CRC cells with a hallmark of rapid proliferation and huge nutritional consumption are usually within a nutrient-poor environment, especially lack of amino acids and need uptake of nutritional substrates from environment. Besides, normal intestinal epithelial cells also need supplement of exogenous nutrition. For example, glutamine, the content of which increased significantly in Fne, was required for the biosynthesis of glucosamine-6-phosphate and nonessential amino acids and for uptake of several essential amino acids (74). The significantly changed content of amino acids might be capable of regulating the amino acids metabolism pathways in CRC cells.

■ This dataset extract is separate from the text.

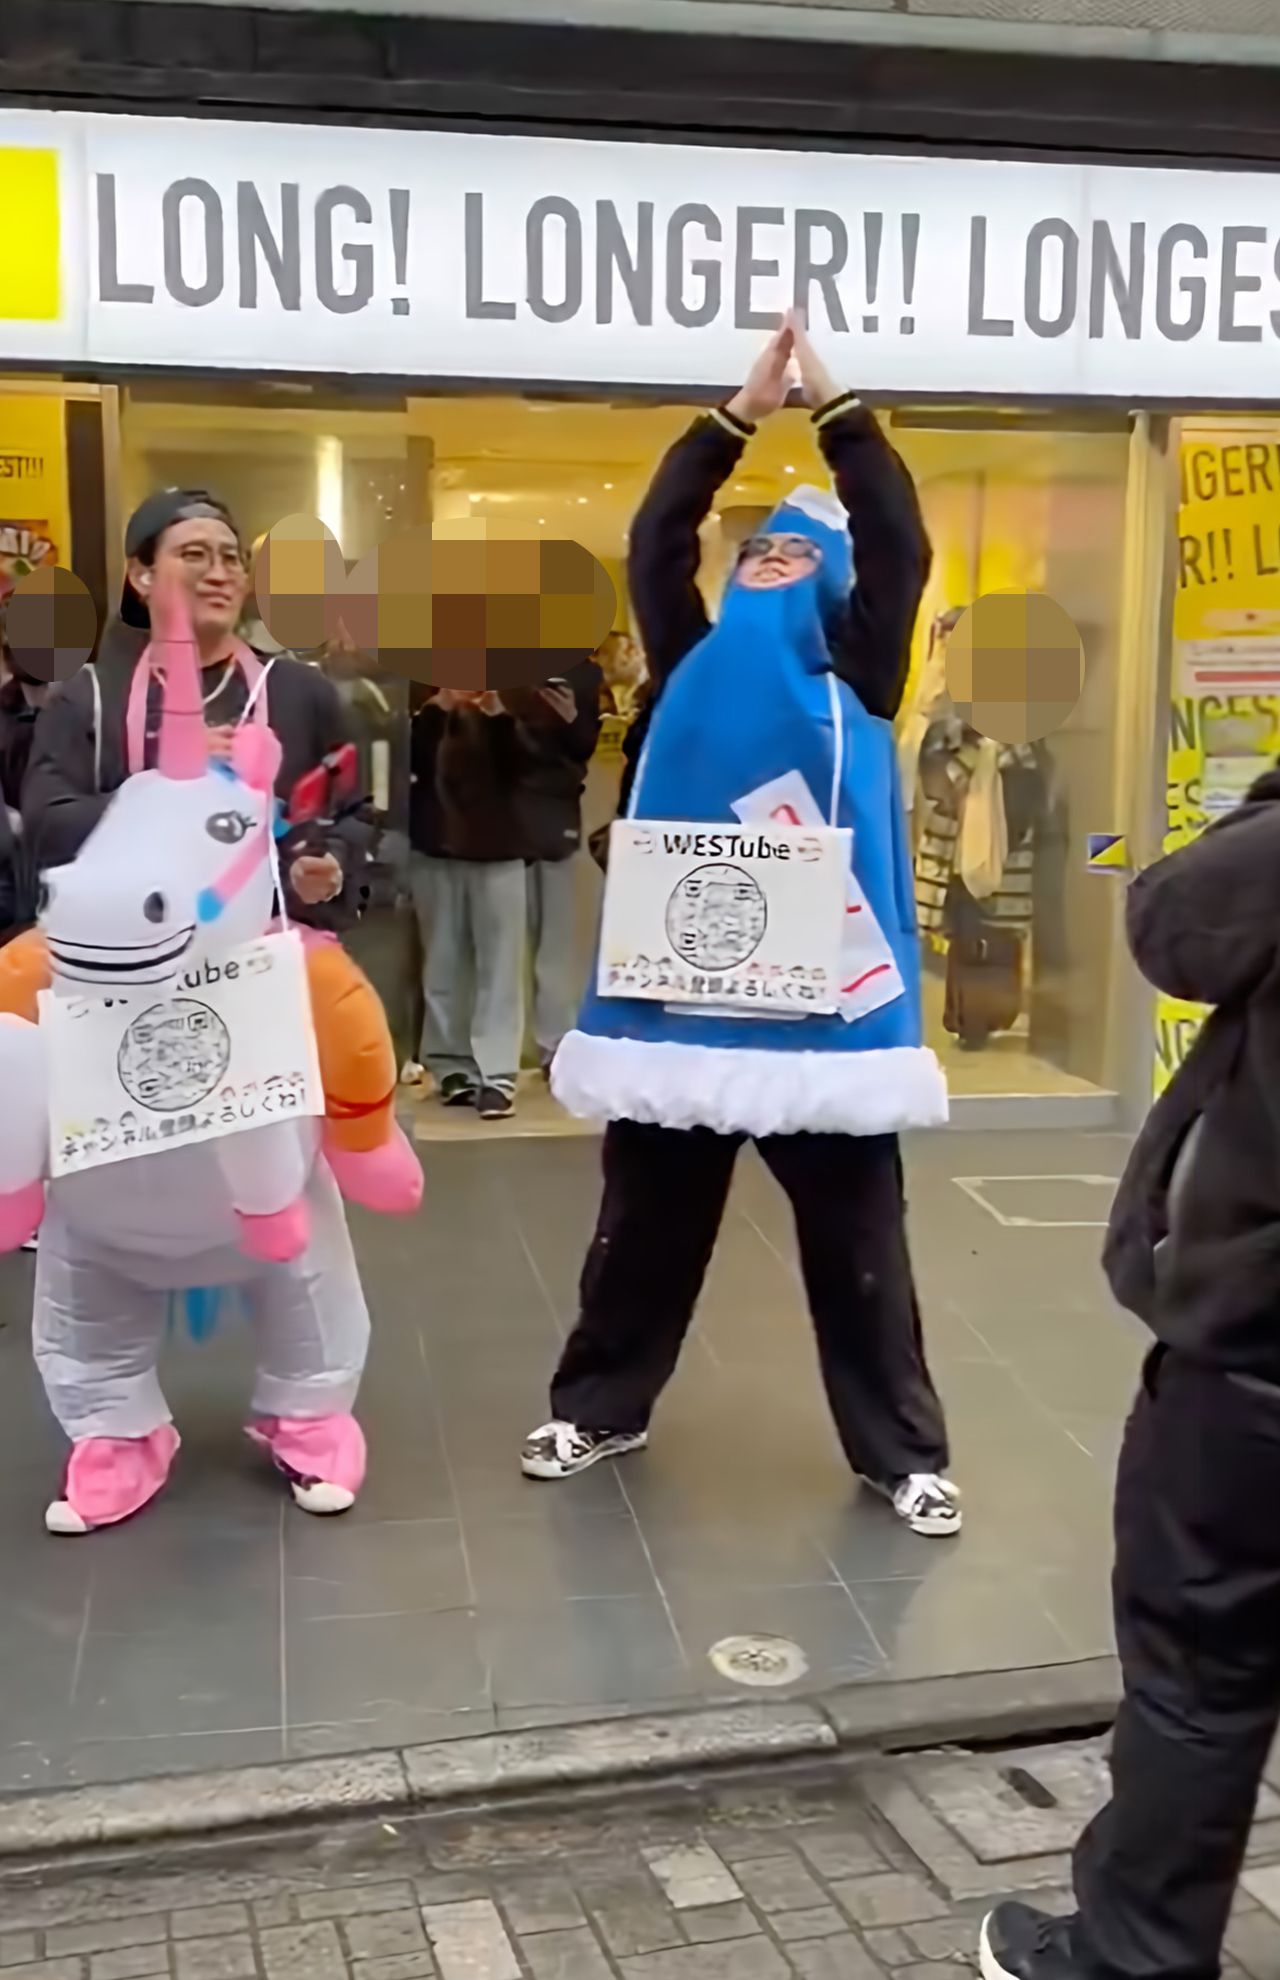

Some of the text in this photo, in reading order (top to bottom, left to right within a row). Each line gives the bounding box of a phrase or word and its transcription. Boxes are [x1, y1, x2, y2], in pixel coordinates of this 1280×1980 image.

[97, 173, 1280, 342] LONG! LONGER!! LONGE
[1254, 524, 1280, 576] L
[664, 833, 791, 860] WESTube
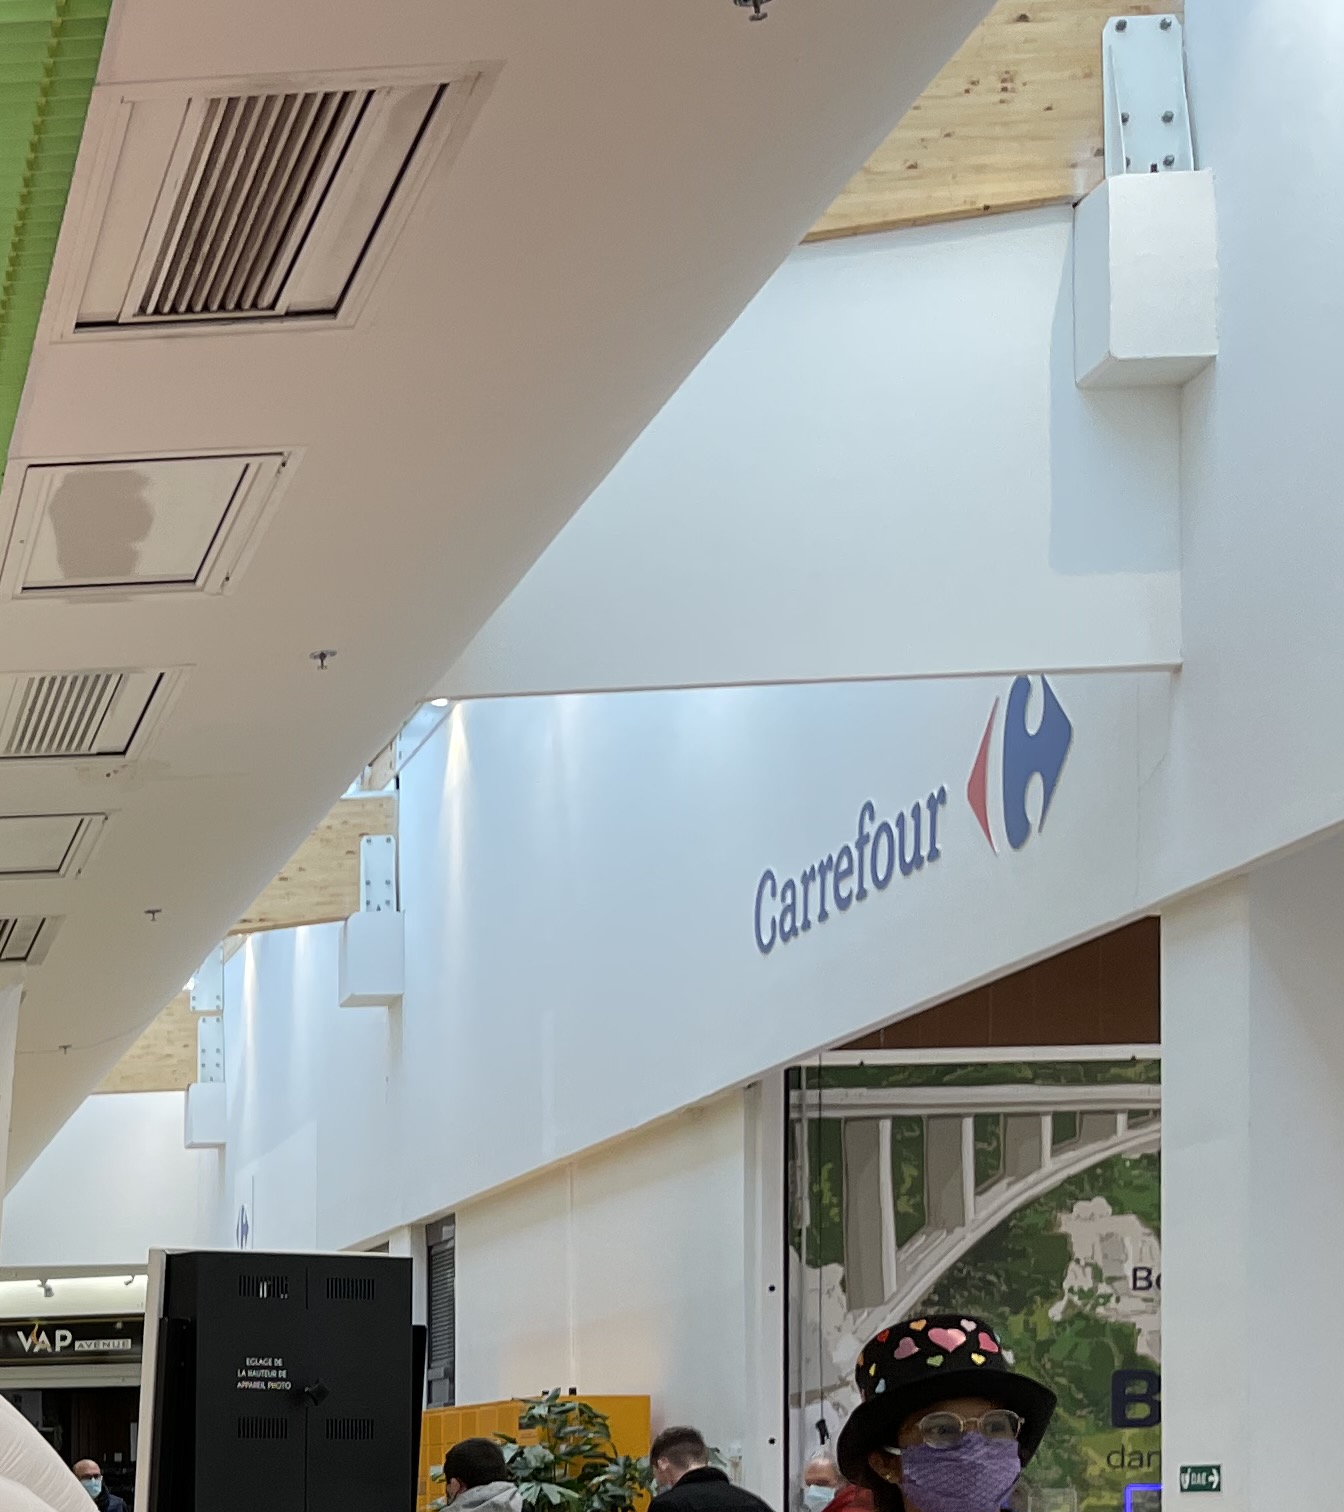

However, the nutrient uptake from extracellular fluid was regulated by multiple approaches, such as growth factor signaling, genetic alteration and interaction between cells and extracellular matrix (75, 76). Therefore, further research is needed to ascertain whether the amino acids produced by microorganisms can influence CRC progression.

There are some deficiencies in this study. We have not yet verified the correlation between these CRC-related bacteria and metabolites in clinical samples. There is a lack of animal experiments to verify the effect of differential metabolites on tumor progression. Initially, we attempted to cultivate these 10 bacteria using a single culture medium (LB, brain heart infusion broth), but failed. We will continue to explore whether it is possible to combine these bacteria in a single culture medium. Besides, We tried to explore the correlation between these CRC-related bacteria and metabolites in clinical samples utilizing 3 cohorts of CRC patients and healthy individuals. In Cohort 1, fecal samples of 50 CRC patients and 50 healthy volunteers were subjected to 16S rRNA gene sequencing and untargeted metabolomics by GC-MS (77). In Cohort 2, serum metabolomics by LC-MS and metagenome sequencing of paired fecal samples were applied to identify gut microbiome-associated metabolites in 49 CRC patients and 31 healthy individuals (78). In Cohort 3, serum metabolomics were analyzed in 34 healthy individuals and 35 ones with CRC (79). However, due to the relatively low abundance of these CRC-related bacteria and metabolites, untargeted metabolomics could not identify these metabolites, such as CGA, NAA, 3-phenyllactic acid, spermidine, piceatannol and so on in Cohort 1 and Cohort 2. We found that the concentration of NAA, glutamate and spermidine had no significant difference between CRC patients and healthy ones in Cohort 3. In subsequent research, we will utilize targeted metabolomics to measure the levels of these metabolites in CRC patients’ feces and blood, and explore their correlation with microorganisms.

5 Conclusion

The 10 CRC-related strains have specific metabolites, primarily encompassing saccharides, organic acids, polyamines, bile acids, bioactive compounds. Specific metabolites and influenced metabolite pathways showed significant associations with CRC status.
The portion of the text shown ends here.